DATA SUPPLIED ▸
+-------+
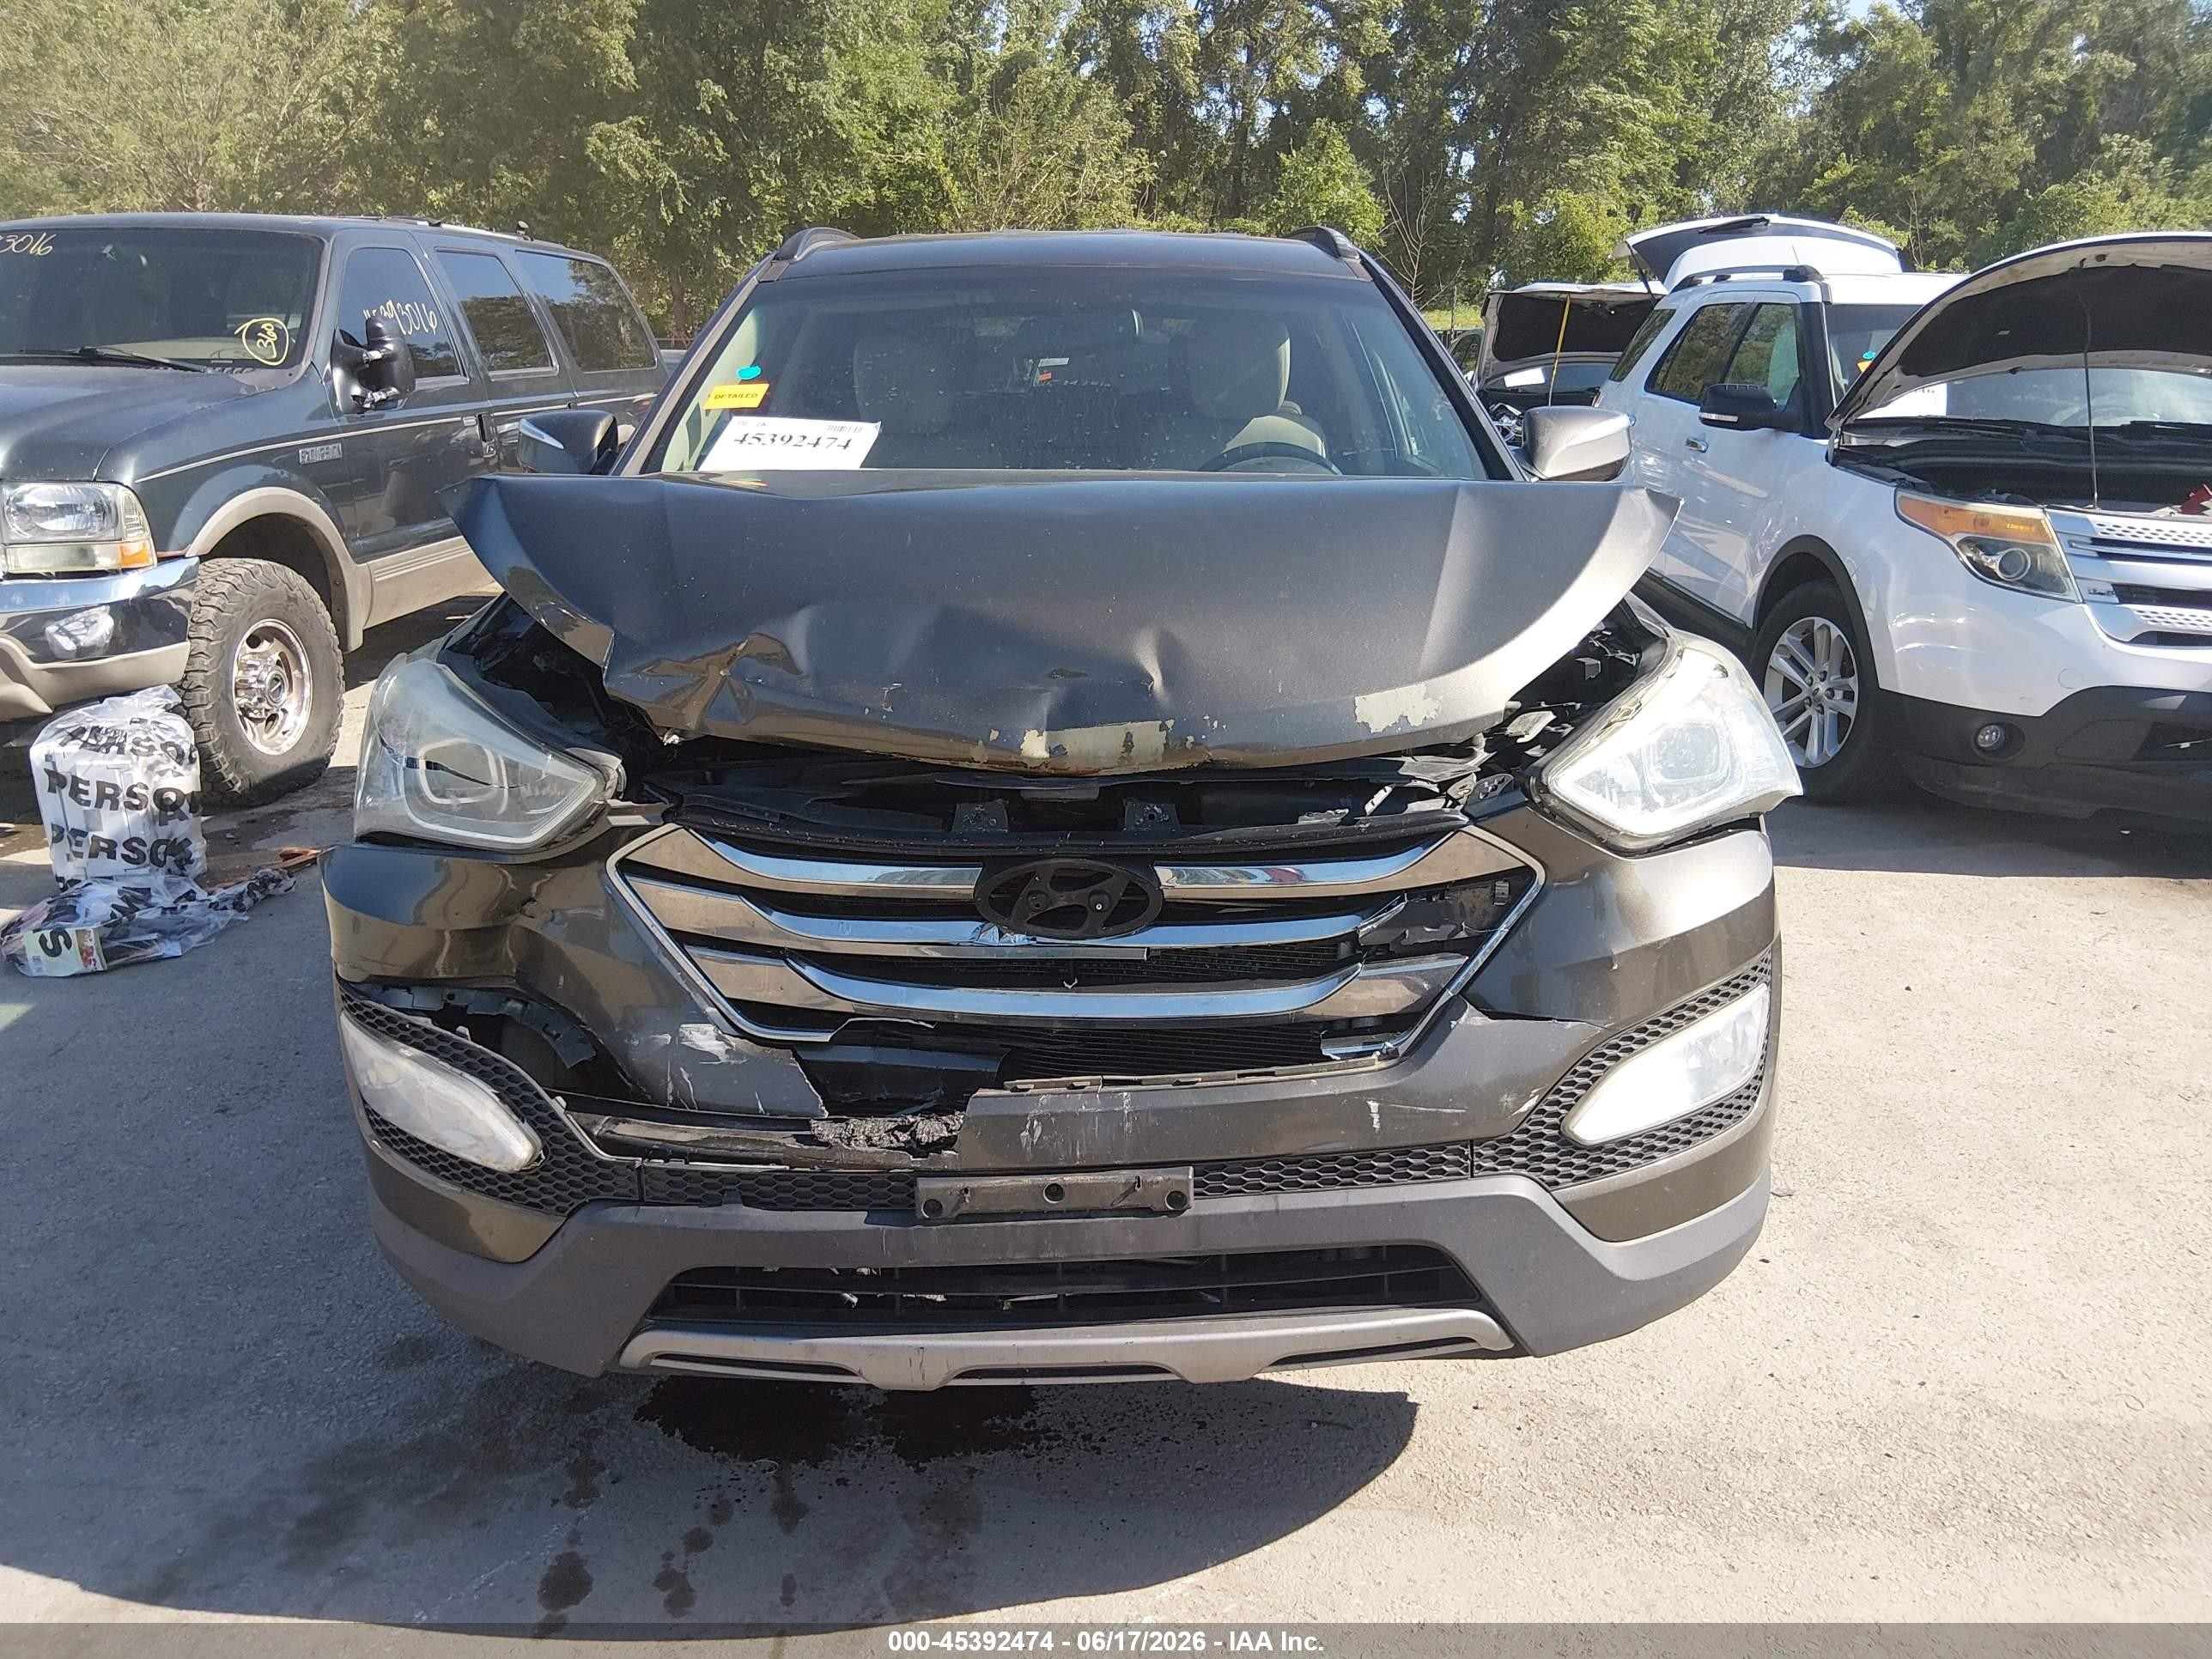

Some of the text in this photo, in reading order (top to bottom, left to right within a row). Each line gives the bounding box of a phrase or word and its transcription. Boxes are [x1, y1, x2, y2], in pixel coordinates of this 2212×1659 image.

[0, 232, 57, 256] 3016
[733, 432, 853, 451] 45392474
[58, 726, 198, 766] PERSO
[51, 822, 194, 870] PERSO
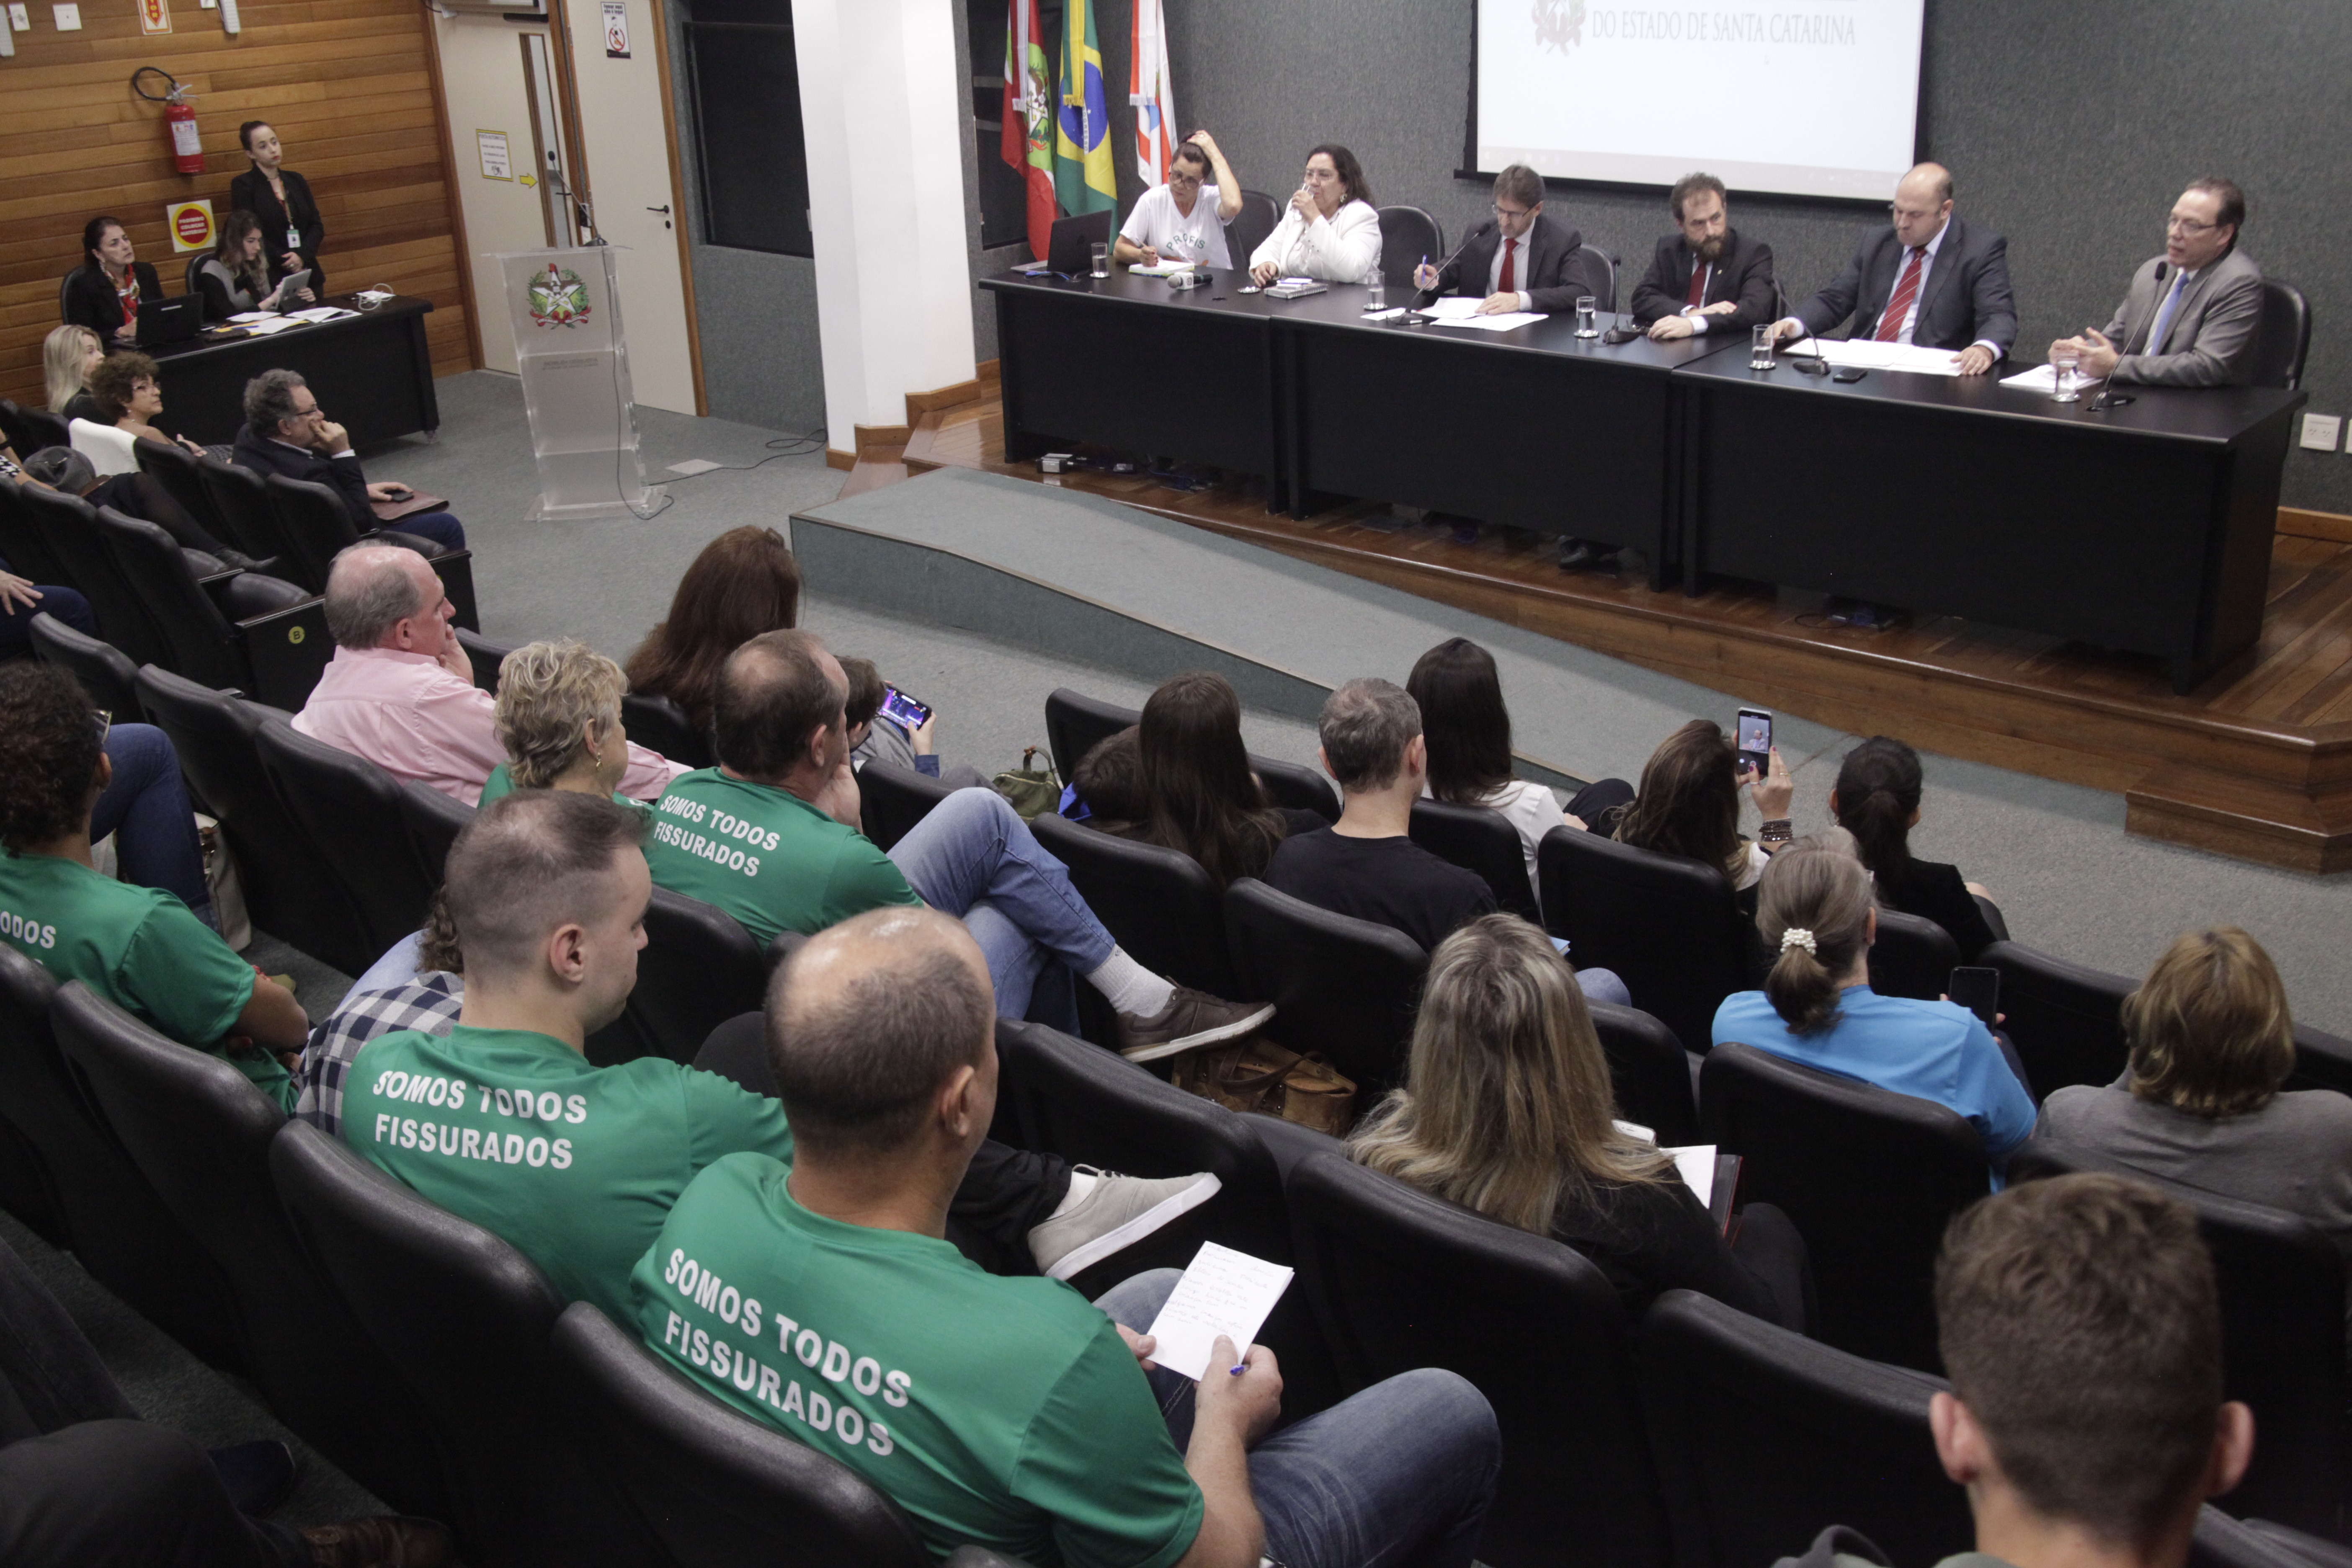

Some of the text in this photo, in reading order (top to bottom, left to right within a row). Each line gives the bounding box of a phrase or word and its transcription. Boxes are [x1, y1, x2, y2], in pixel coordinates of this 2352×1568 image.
+-------+
PROBLEM TO SOLVE ▸ Every word of the material, and none of its pictures, should be set down again.

WRITTEN ANSWER ▸
Some of the text in this photo, in reading order (top to bottom, left to right within a row). Each line gives the bounding box of a phrase or word and its transcription. Boxes are [x1, y1, x2, y2], in pixel coordinates of this 2212×1659 image.

[0, 232, 57, 256] 3016
[733, 432, 853, 451] 45392474
[58, 726, 198, 766] PERSO
[51, 822, 194, 870] PERSO

Some of the text in this photo, in reading order (top to bottom, left to right within a row). Each line gives the bounding box of a phrase or word and its transcription. Boxes are [x1, y1, x2, y2], in pixel coordinates of this 2352×1568 image.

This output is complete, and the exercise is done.